Dollar, the International Currency system and the Ghosts of Connally
US Dollar took over as the world currency thanks to Bretton Woods 1944 at the end of the World War II. With the world facing tremendous calamity, a sensible system was put in place, incorporating the learnings from the failures of Treaty of Versailies.
Begining its inception, the European states set out on a development spree that has since remained unmatched. Even the rise of China in peacetime does not match the speed and quality of development. But with development, there appeared cracks in the Bretton Woods system. Well, not exactly the Bretton Woods system — but the currency system. There appeared an fundamental incompatibility between the unique construction of US Dollar and the structure of Bretton Woods.
The Construct of US Dollar
US Dollar created in the aftermath of American struggle for independance was gold backed as was required to be able to trade in the global system. At the early stage, US Dollar was indeed made out of gold-silver mix (1:15) and each dollar was backed by 1.60gm of gold. The gold-silver ratio was reduced to 1:16 thereby devaluing the gold equivalence which now came to 1.5gm gold for each dollar. The new coins were made by gold-silver mix so exact devaluation can be debated. However, the weights of the coins continued to be reduced over the 19th century.
This bimetallism had to be gradually dropped since the silver coin weights were reduced and later substantial silver deposits were discovered leading to wild price fluctuations. Thus US Dollar came to exclusive gold standard. The formal gold standard act backed the Dollar with 1.67gms of Gold — a smaller devaluation by itself.
Note that at the time, Pound Sterling was the dominant currency and it was exclusively backed by gold. The Pound also fluctuated in its gold peg till early 19th century where the British put in place the gold standard. Their wide-spread empire and british respect for the value of the pound contract meant it quickly became global currency. US Dollar was emulating this precedent.
In this process the pegs to the gold were altered by World War I and subsequently in 1931 Britain gave up the Gold Standard, leaving American Dollar as strong contender for world currency. All this was formalized in 1944 at Bretton Woods.
The Second part of Bretton Woods Agreement
At Bretton Woods it was also agreed that exchange rates between some dominant currencies would be pegged to the US Dollar and they were backed by Gold. With such a policy in place, European countries started on most ambitious reconstruction plan. This was supposed to be an opportunity for the American companies and it was. But it also created many European companies who became competitive vis-a-vis their american counterparts and started a cross-flow of trade and commerce. In the process, more US Dollars were created and soon there were too many and not enough gold to back it.

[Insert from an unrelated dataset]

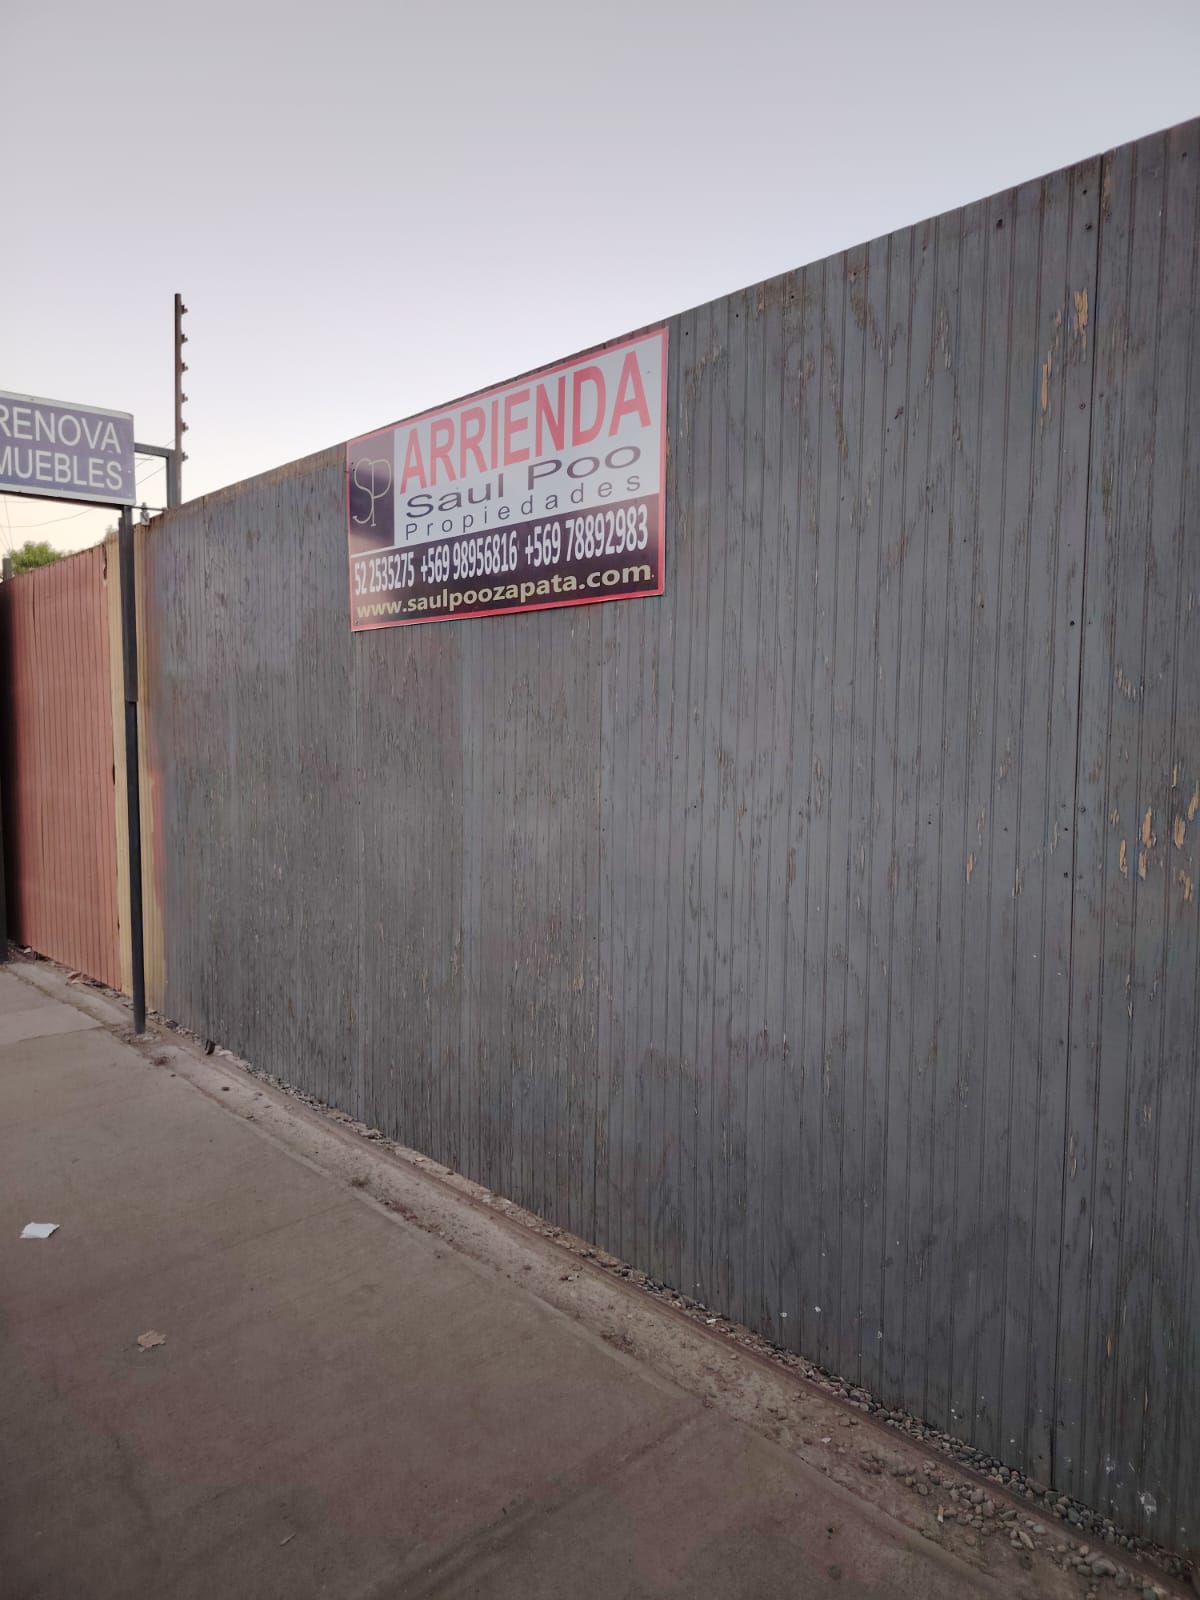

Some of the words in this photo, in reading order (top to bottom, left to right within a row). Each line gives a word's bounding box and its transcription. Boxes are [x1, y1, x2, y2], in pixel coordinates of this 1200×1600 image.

This fact was noticed by the trading community who started bidding up the Gold prices prompting John Connally to push for abandoning the gold standard. He said later “My philosophy is that all foreigners are out to screw us and it’s our job to screw them first.”
The Fiat-Dollar era
The Fiat Dollar continued its run as the global currency thanks to burgeoning US population, US growth and demand from US markets. International trade soon became thoroughly Dollarized. The dollar-peg concept went from Europe to Japan. The latest in that phase came the dollar-peg by East Asian Tigers and mainly China. These countries vountarily gave up their freedom to conduct their monetary policy — depending on prudence of the US FED. This system then created today’s unique problems.
Now with US being the defacto currency in the world, US lost its ability to devalue. Faced with this situation, US followed what John Connally famously said “The dollar is our currency and it is your problem”. It printed and printed and printed. And so did everyone else — by default. In effect we do not see US Dollar being devalued — the point gold bugs keep making. Without the devaluation US is not getting the turbo-boost to kick start the growth leading many to call the other countries’ monetary policy as “predatory”. This problem is a corollary of the famous “Impossible Trinity” or “Mundell-Fleming Trilemma”.
What should be the decent international currency system?
It is now clear that monetary policy independance can be given up volantrily and also taken away by coordinated action. The solution many propose is to go back to Gold standard — which may be a good intermediate arrangement — but not a good long term arrangement. A better idea is to go for a two-level currency system. SDR may be a good starting point — but SDR’s may not give us the true global currency we need.
The global currency and relatively-fixed (stable) peg to global currency could be a good system. It will leave the monetary policy freedom with national central banks and yet keep the system stable most of the time.